··· Exercise data

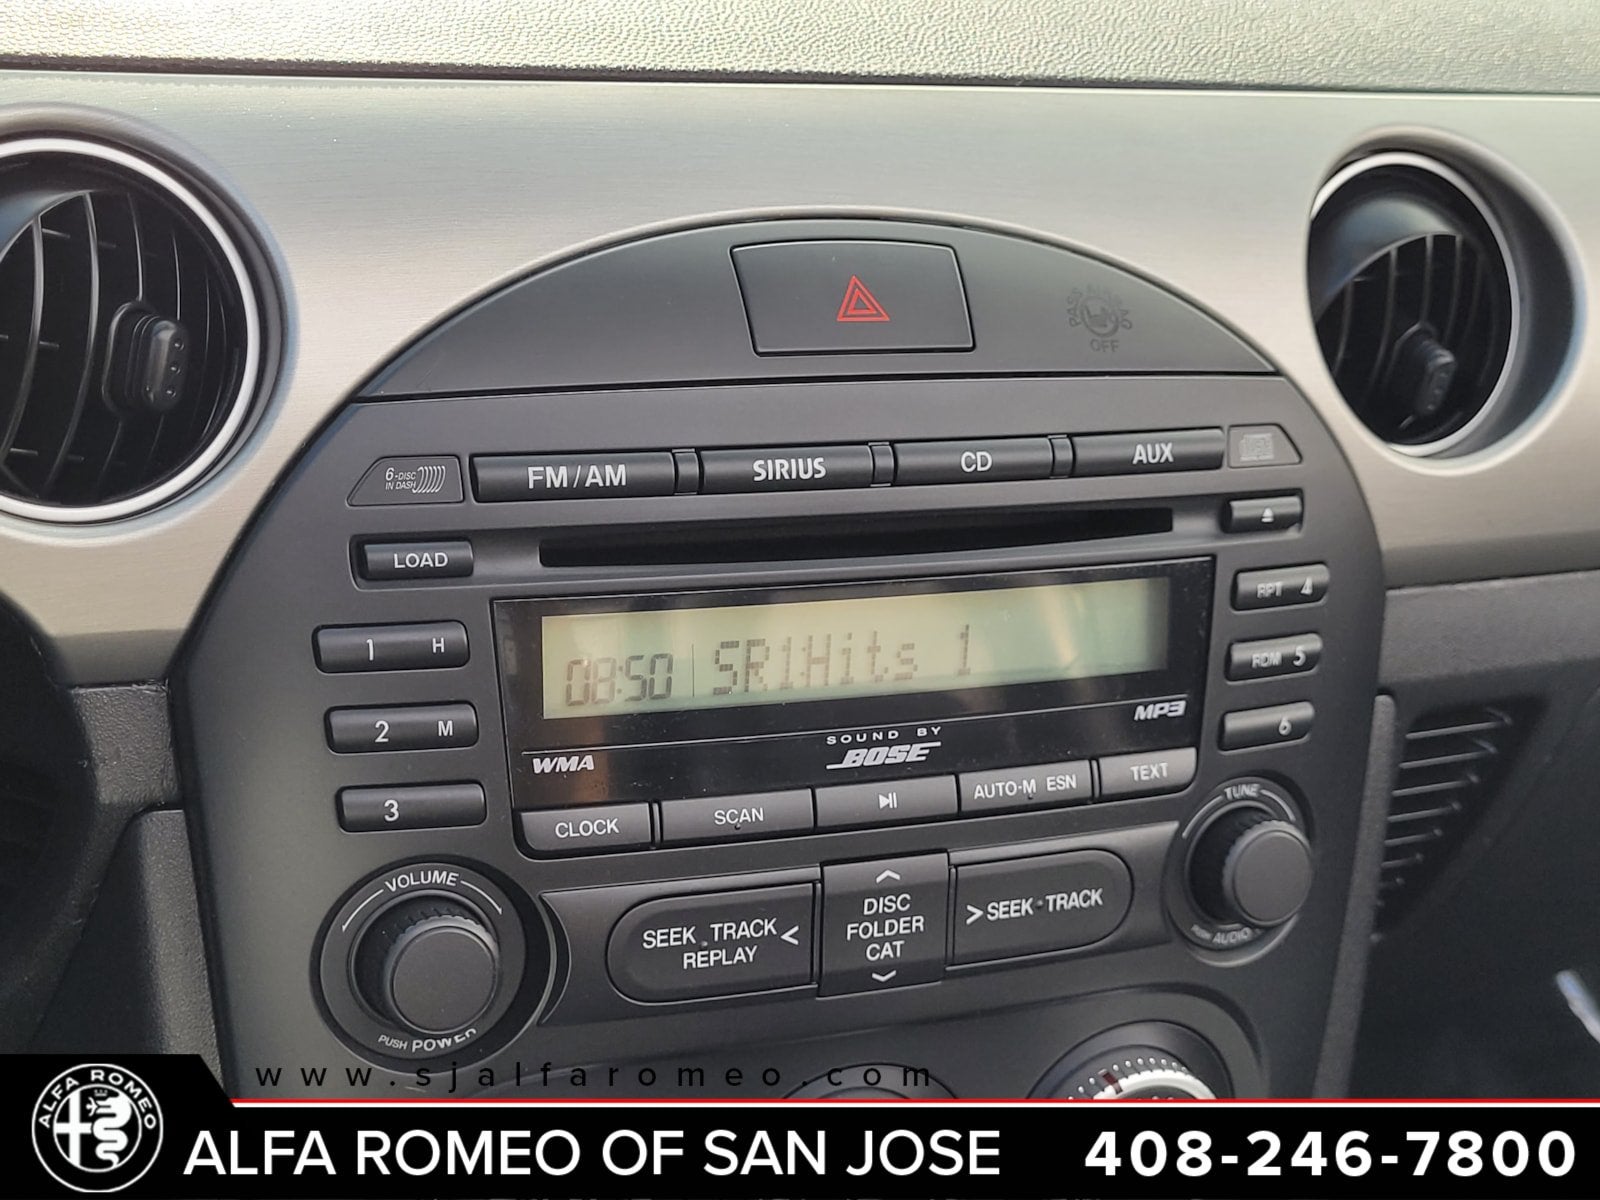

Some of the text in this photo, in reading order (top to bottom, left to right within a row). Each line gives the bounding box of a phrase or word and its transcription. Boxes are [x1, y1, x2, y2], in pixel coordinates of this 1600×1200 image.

[960, 452, 993, 473] CD
[1132, 442, 1174, 464] AUX
[752, 457, 826, 482] SIRIUS
[385, 481, 416, 490] IN DASH
[393, 551, 449, 569] LOAD
[1257, 577, 1313, 598] RPT 4
[366, 637, 445, 661] 1 H
[1252, 646, 1306, 669] RDM 5
[566, 653, 674, 706] 08:50
[1134, 701, 1187, 721] MP3
[375, 720, 454, 743] 2 M
[826, 726, 942, 745] SOUND BY
[1278, 717, 1292, 736] 6
[532, 755, 594, 773] WMA
[826, 741, 942, 770] BOSE
[1130, 763, 1170, 782] TEXT
[973, 774, 1077, 800] AUTO-M ESN
[1223, 783, 1260, 801] TUNE
[384, 800, 400, 822] 3
[714, 807, 765, 826] SCAN
[555, 819, 620, 839] CLOCK
[384, 870, 460, 893] VOLUME
[863, 894, 911, 916] DISC
[987, 888, 1104, 920] SEEK TRACK
[643, 918, 777, 950] SEEK TRACK
[846, 916, 925, 941] FOLDER
[682, 946, 758, 970] REPLAY
[865, 941, 905, 963] CAT
[378, 1034, 408, 1050] PUSH

······

Work order:
Once the pictures are set aside, write out each record exactly.

Written answer:
Some of the text in this photo, in reading order (top to bottom, left to right within a row). Each line gives the bounding box of a phrase or word and its transcription. Boxes are [x1, y1, x2, y2], in pixel coordinates of this 1600×1200 image.

[960, 452, 993, 473] CD
[1132, 442, 1174, 464] AUX
[752, 457, 826, 482] SIRIUS
[385, 481, 416, 490] IN DASH
[393, 551, 449, 569] LOAD
[1257, 577, 1313, 598] RPT 4
[366, 637, 445, 661] 1 H
[1252, 646, 1306, 669] RDM 5
[566, 653, 674, 706] 08:50
[1134, 701, 1187, 721] MP3
[375, 720, 454, 743] 2 M
[826, 726, 942, 745] SOUND BY
[1278, 717, 1292, 736] 6
[532, 755, 594, 773] WMA
[826, 741, 942, 770] BOSE
[1130, 763, 1170, 782] TEXT
[973, 774, 1077, 800] AUTO-M ESN
[1223, 783, 1260, 801] TUNE
[384, 800, 400, 822] 3
[714, 807, 765, 826] SCAN
[555, 819, 620, 839] CLOCK
[384, 870, 460, 893] VOLUME
[863, 894, 911, 916] DISC
[987, 888, 1104, 920] SEEK TRACK
[643, 918, 777, 950] SEEK TRACK
[846, 916, 925, 941] FOLDER
[682, 946, 758, 970] REPLAY
[865, 941, 905, 963] CAT
[378, 1034, 408, 1050] PUSH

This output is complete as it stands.